◆ What the task asks ◆
Every record must be repeated exactly; omit any pictures they contain.

(Referring expression grounding data)
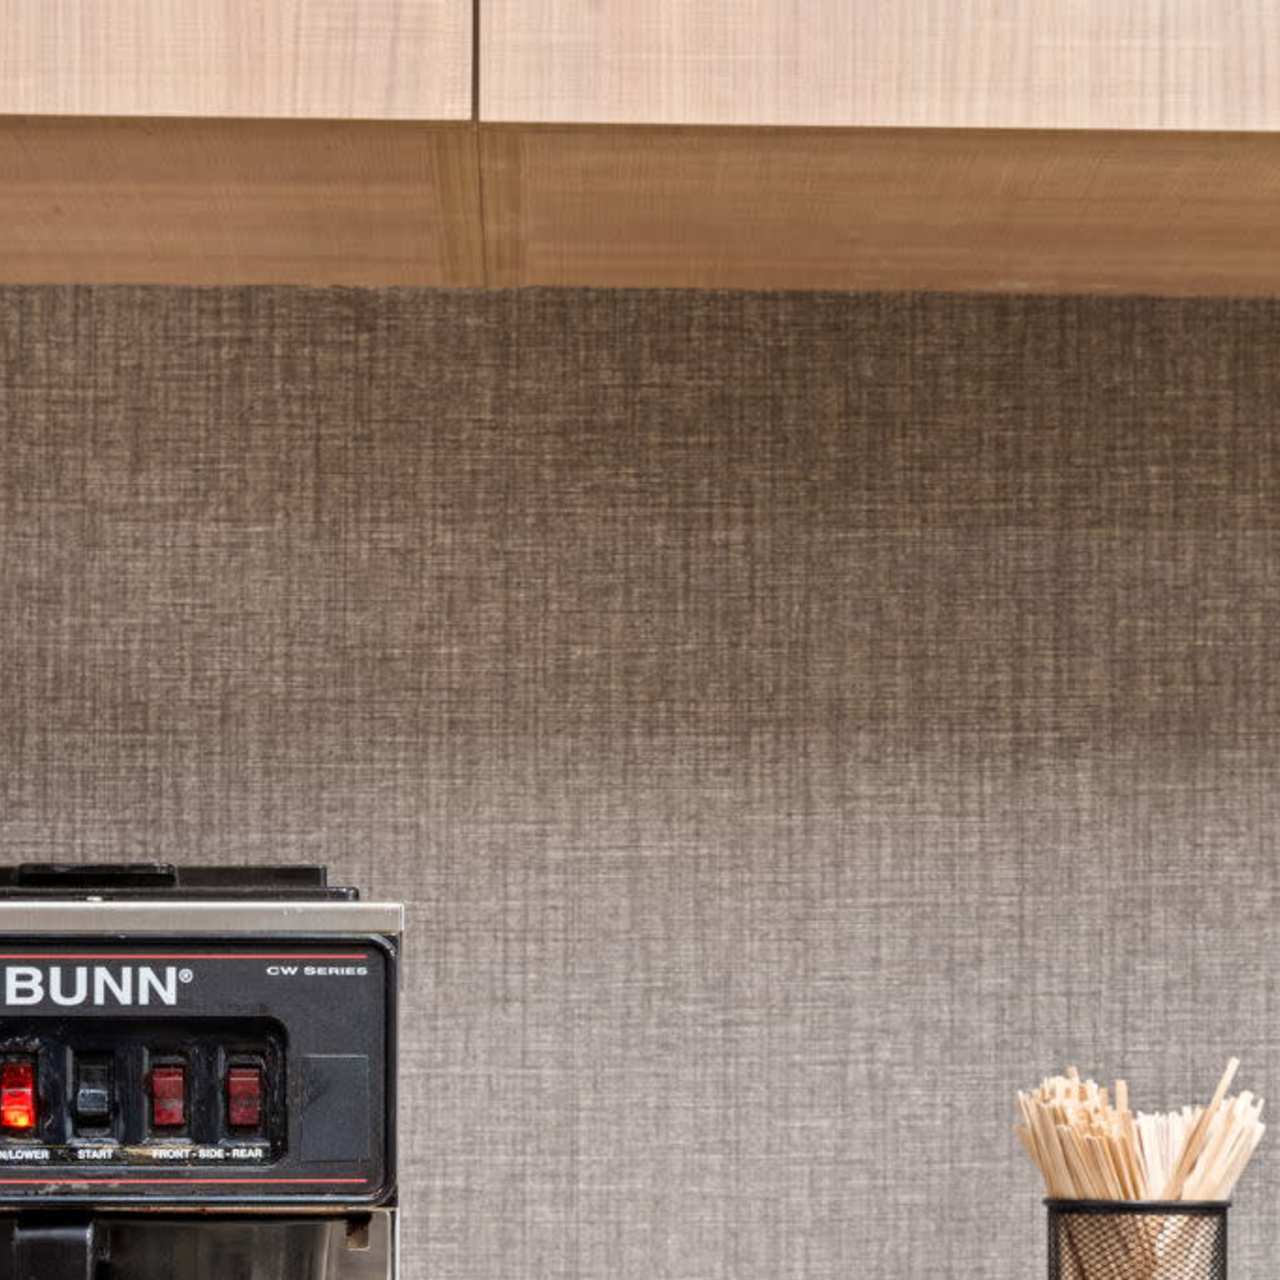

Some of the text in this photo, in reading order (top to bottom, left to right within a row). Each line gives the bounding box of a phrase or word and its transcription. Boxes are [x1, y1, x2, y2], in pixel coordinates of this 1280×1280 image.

[266, 966, 369, 976] CW SERIES
[76, 1149, 114, 1160] START
[151, 1149, 190, 1160] FRONT
[199, 1149, 224, 1160] SIDE
[232, 1148, 263, 1159] REAR
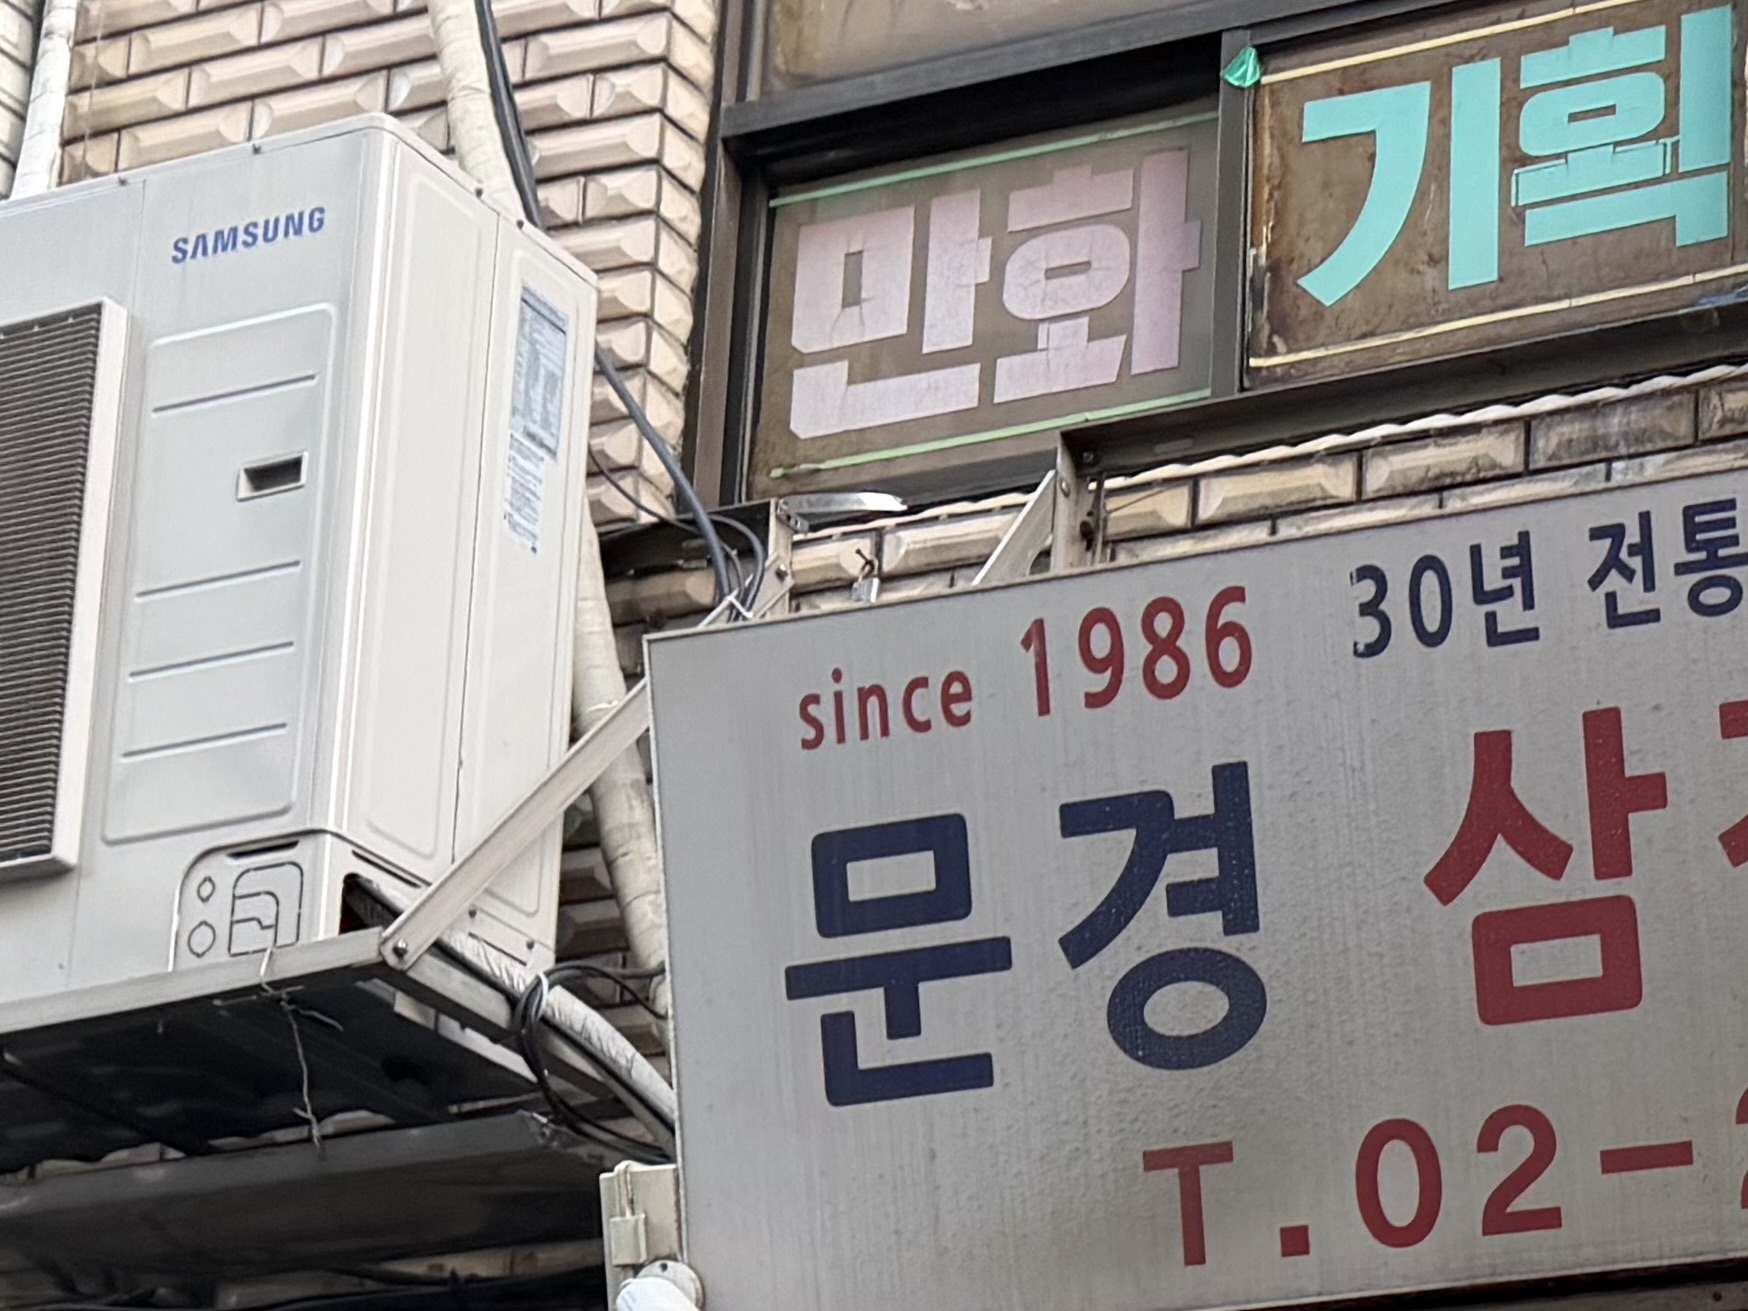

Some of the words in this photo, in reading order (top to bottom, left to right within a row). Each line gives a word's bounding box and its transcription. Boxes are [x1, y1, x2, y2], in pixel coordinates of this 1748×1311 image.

[170, 206, 326, 265] SAMSUNG
[790, 148, 1199, 439] 만화
[1297, 5, 1732, 307] 기획
[797, 667, 974, 749] since
[1019, 585, 1254, 716] 1986
[1349, 529, 1540, 658] 30년
[784, 760, 1268, 1107] 문경

◆ Written solution ◆
Some of the text in this photo, in reading order (top to bottom, left to right within a row). Each line gives the bounding box of a phrase or word and its transcription. Boxes are [x1, y1, x2, y2], in pixel coordinates of this 1280×1280 image.

[266, 966, 369, 976] CW SERIES
[76, 1149, 114, 1160] START
[151, 1149, 190, 1160] FRONT
[199, 1149, 224, 1160] SIDE
[232, 1148, 263, 1159] REAR

Some of the words in this photo, in reading order (top to bottom, left to right within a row). Each line gives a word's bounding box and its transcription. Boxes are [x1, y1, x2, y2], in pixel coordinates of this 1748×1311 image.

[170, 206, 326, 265] SAMSUNG
[790, 148, 1199, 439] 만화
[1297, 5, 1732, 307] 기획
[797, 667, 974, 749] since
[1019, 585, 1254, 716] 1986
[1349, 529, 1540, 658] 30년
[784, 760, 1268, 1107] 문경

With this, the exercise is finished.